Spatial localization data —
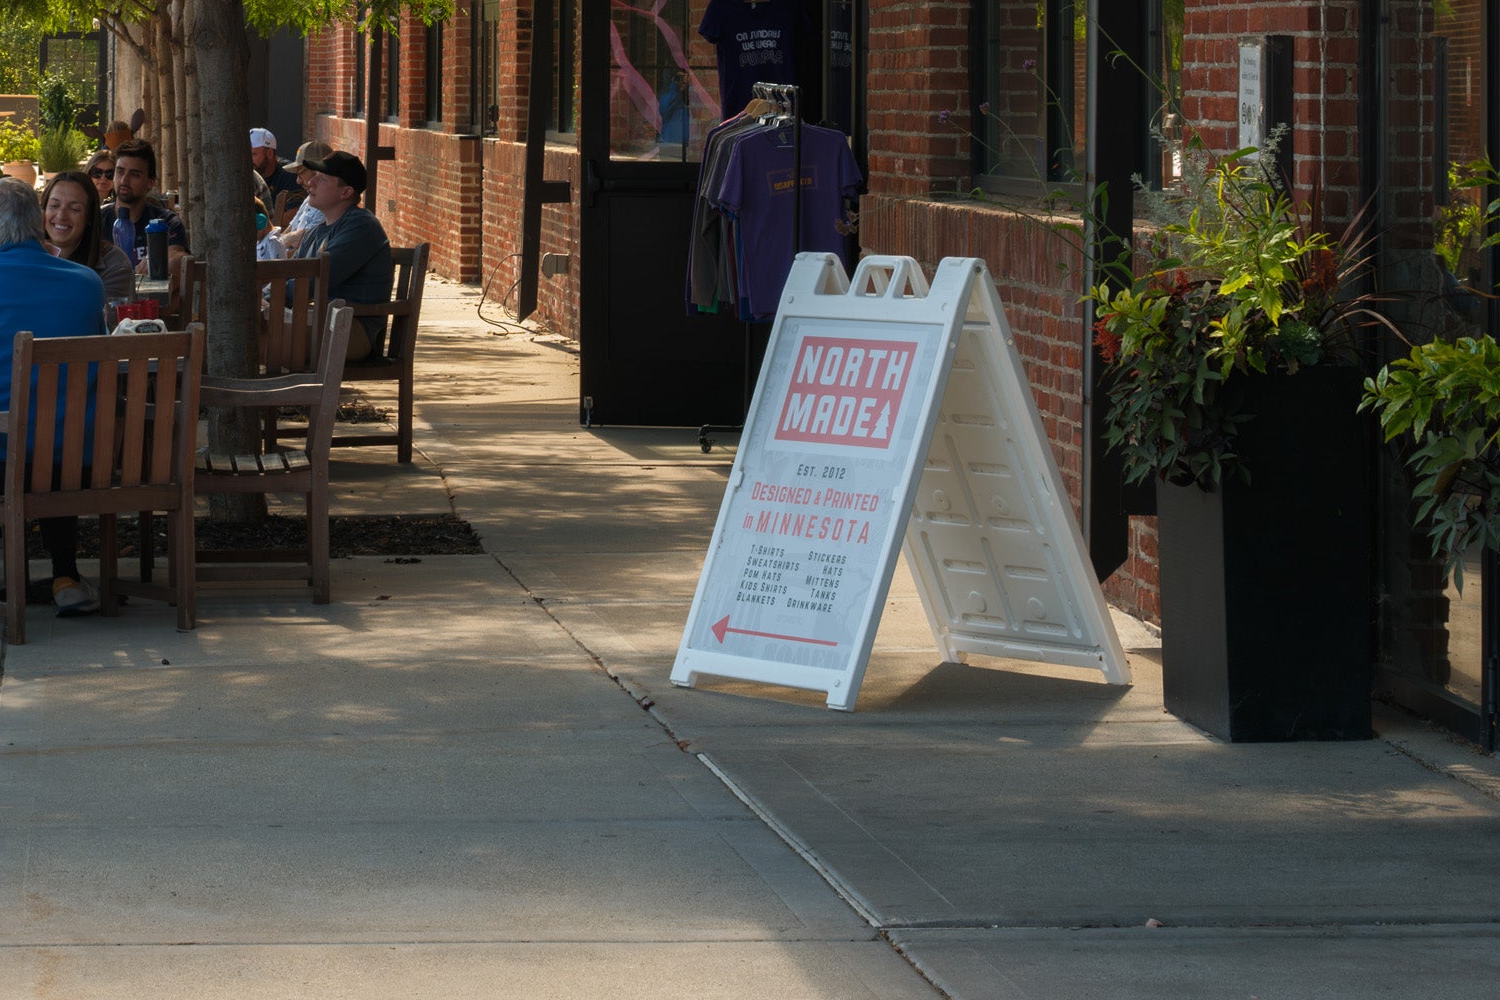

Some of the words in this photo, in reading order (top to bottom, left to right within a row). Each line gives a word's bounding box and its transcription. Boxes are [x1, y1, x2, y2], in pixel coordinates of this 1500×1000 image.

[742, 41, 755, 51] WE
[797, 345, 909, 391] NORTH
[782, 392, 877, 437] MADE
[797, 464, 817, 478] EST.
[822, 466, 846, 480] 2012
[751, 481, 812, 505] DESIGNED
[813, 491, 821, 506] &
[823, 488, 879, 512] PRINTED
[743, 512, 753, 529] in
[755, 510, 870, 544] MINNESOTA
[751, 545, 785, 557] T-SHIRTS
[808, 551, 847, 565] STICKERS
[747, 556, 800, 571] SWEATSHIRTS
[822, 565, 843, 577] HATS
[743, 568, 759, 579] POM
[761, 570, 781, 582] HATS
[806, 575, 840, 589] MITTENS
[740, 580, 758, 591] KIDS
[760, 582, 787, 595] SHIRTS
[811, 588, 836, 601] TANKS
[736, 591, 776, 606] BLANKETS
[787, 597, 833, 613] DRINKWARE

EXERCISE — Repeat all the records above exactly, leaving out any pictures.

RESPONSE TO THE EXERCISE —
Some of the words in this photo, in reading order (top to bottom, left to right within a row). Each line gives a word's bounding box and its transcription. Boxes are [x1, y1, x2, y2], in pixel coordinates of this 1500×1000 image.

[742, 41, 755, 51] WE
[797, 345, 909, 391] NORTH
[782, 392, 877, 437] MADE
[797, 464, 817, 478] EST.
[822, 466, 846, 480] 2012
[751, 481, 812, 505] DESIGNED
[813, 491, 821, 506] &
[823, 488, 879, 512] PRINTED
[743, 512, 753, 529] in
[755, 510, 870, 544] MINNESOTA
[751, 545, 785, 557] T-SHIRTS
[808, 551, 847, 565] STICKERS
[747, 556, 800, 571] SWEATSHIRTS
[822, 565, 843, 577] HATS
[743, 568, 759, 579] POM
[761, 570, 781, 582] HATS
[806, 575, 840, 589] MITTENS
[740, 580, 758, 591] KIDS
[760, 582, 787, 595] SHIRTS
[811, 588, 836, 601] TANKS
[736, 591, 776, 606] BLANKETS
[787, 597, 833, 613] DRINKWARE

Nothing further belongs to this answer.